There I was in the store (for British readers, the equivalent of Marks & Spencer), paying for groceries at the till when everyone started coughing. As I started to leave the store, so my nose started burning (as if being addled by hayfever isn’t enough…) and I started hacking and wheezing. As I walked out someone muttered, “Shoplifter, pepper spray.” Huh? Since when does a store blast pepper spray because someone’s “lifted” an item? If it was an armed robbery and there were hostages it might have been different. So I came home, still hacking and wheezing, and, speaking with a deeply sexy and husky voice, I called the store manager. He, it turns out, was equally miffed. Evidently the incident had nothing to do with the store, but everything to do with the Blue Route Mall’s security “protocol”. Evidently the perp had lifted an item elsewhere in the centre, the security guards had chased and cornered said perp in the store I was in, and the perp had turned on them with pepper spray. Now from what I’ve been able to ascertain, you never try to apprehend the perp in the store or the centre because you have, no matter how many disclaimers you display, a duty of care to customers. What you are apparently supposed to do is to follow said perp out of the store and then take the necessary action. The store manager said he’d lost R30 000 in business in the 20 minutes he’d been closed and had had an asthma attack.
“I'd suggest,” he said, “that you phone the Centre Management and lodge a complaint.”
So I called up the Blue Route Mall’s Centre Management and asked to speak to the Centre Manager.
“No, sorry, the manager’s gone home for the day.”
Hmm, it was only 17h10. Evidently he keeps union hours. I was transferred to someone else.
“Yes?” barked the woman on the other side of the line, “So what’s your story?”
Story? My story?! At which point the Goddess Vanilla realised she could do righteous indignation, full frontal anger, icy disdain and a variety of other mean things without necessarily feeling any said emotions. Finally, all those years of speech and drama paid off. Yeah! I let her have it in tones that should have sent her cowering.
“Well, a person was caught shoplifting and that isn’t allowed,” replied the woman to my shower of “not acceptables” and clearly totally unimpressed with my display of outrage.
“Uhuh? And your protocol says it’s okay to endanger the well-being and lives of your customers in order to deal with a situation like that?”
What, I wonder, would have happened if the perp had been armed with a gun and started shooting at the guards and shoppers, rather than spraying pepper? Did anyone consider that? I guess not.
“Well, you’ll just have to call back on Monday,” she snarked without a word of apology or an “Are you okay, Madam?”
And call back I will. In the meantime I’ll lodge complaints on several local consumer websites and in the suburban press, because three hours later I’m still coughing and have had to use my inhaler which I haven’t had to use for years. Thank goodness it still works.

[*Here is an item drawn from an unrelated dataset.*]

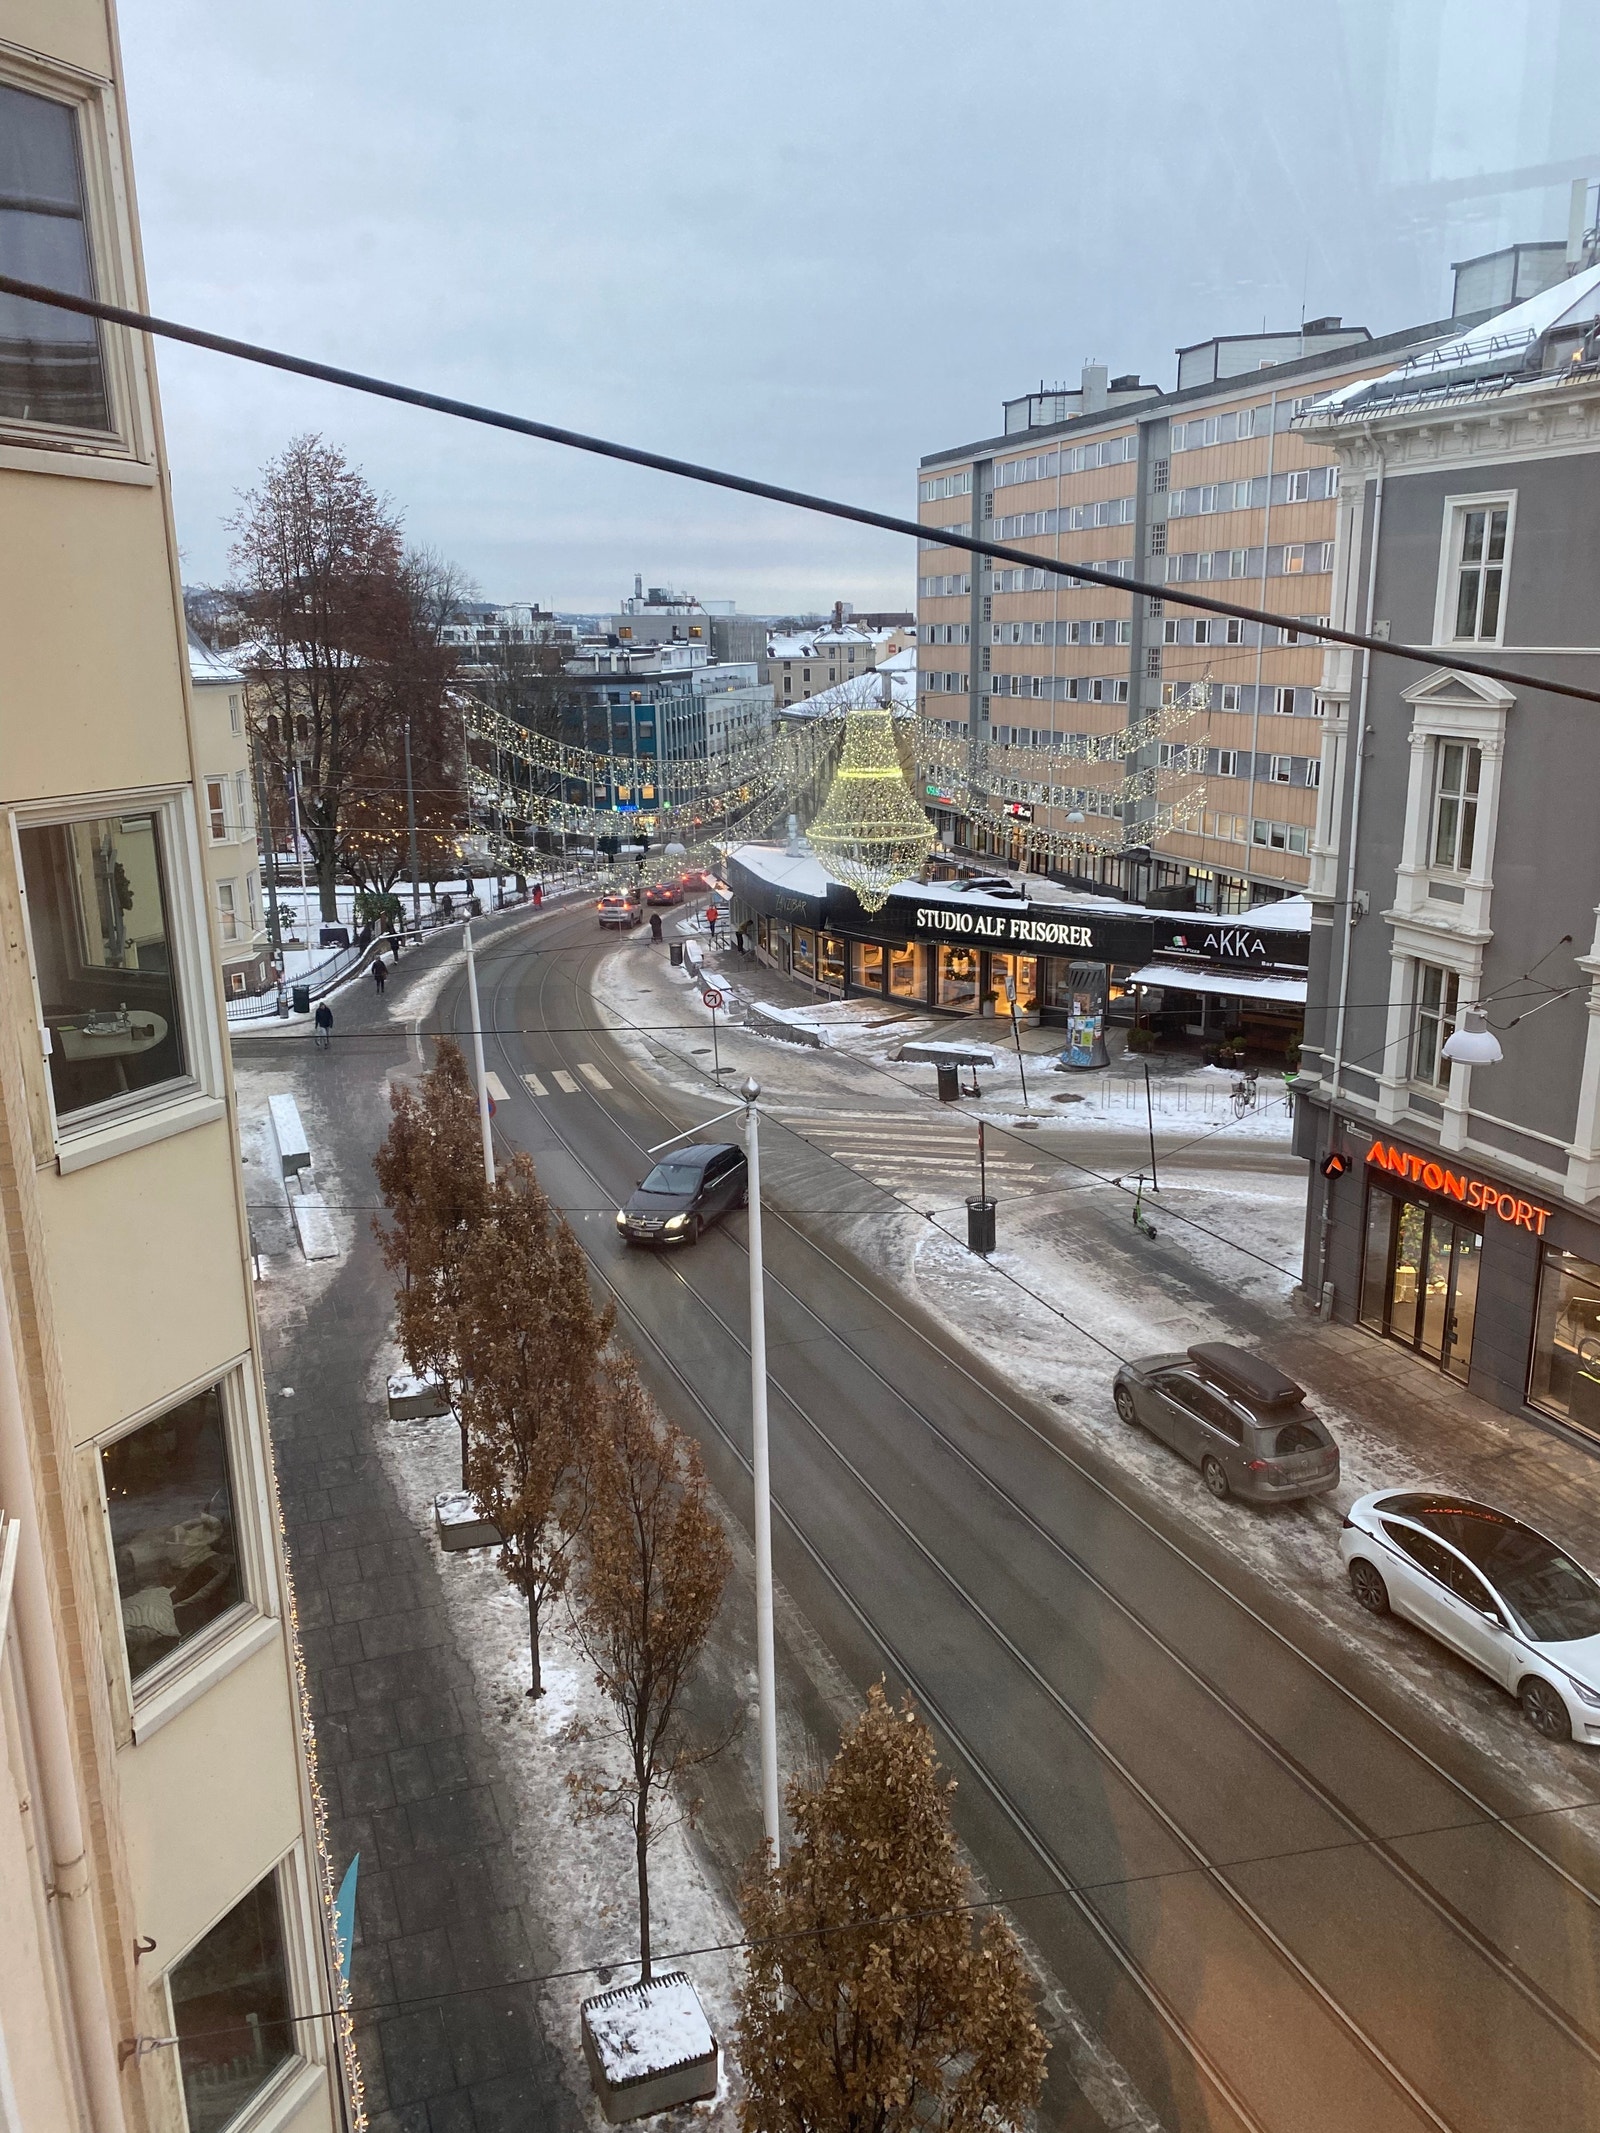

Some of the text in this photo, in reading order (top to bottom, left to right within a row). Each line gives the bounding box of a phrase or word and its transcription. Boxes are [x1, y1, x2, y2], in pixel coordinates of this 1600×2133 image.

[916, 908, 1093, 947] STUDIO ALF FRISØRER
[1203, 929, 1266, 958] AKKA
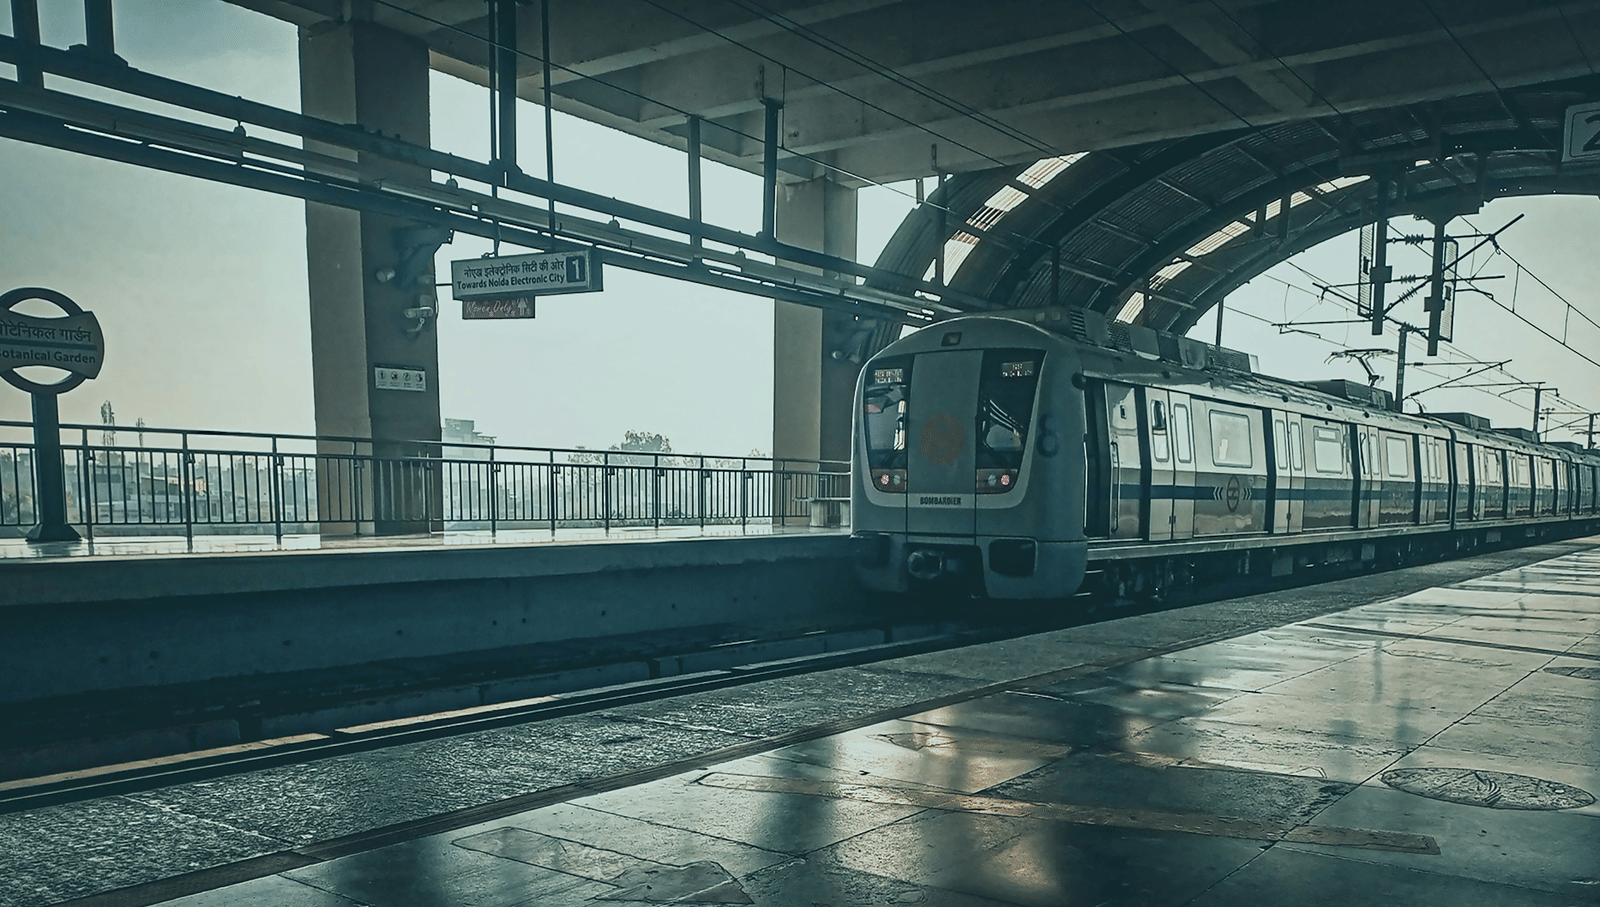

As I stalked through to relay the news to D, another situation met my beady eyes. Stroppy Old Fart was in the garden – and causing trouble. Stroppy Old Fart is the crankiest of guinea fowl with an attitude of note. He is bad tempered and cantankerous, not unlike Atyllah the Hen when crossed. SOF was standing at the feed-bin, hogging the whole thing to himself. The Guinea Family was feeding from seed scattered at the edge of the lawn and one small, and particularly tiny, peep decided she’d sup with SOF. Now one might expect SOF to be grandfatherly, you know, paternal. But no, not a chance. He just raised up onto his toes, started flaring his wings and aimed a savage peck at the wee thing. The Goddess Vanilla’s righteous indignation flared.
I shot out the door and stalked towards SOF.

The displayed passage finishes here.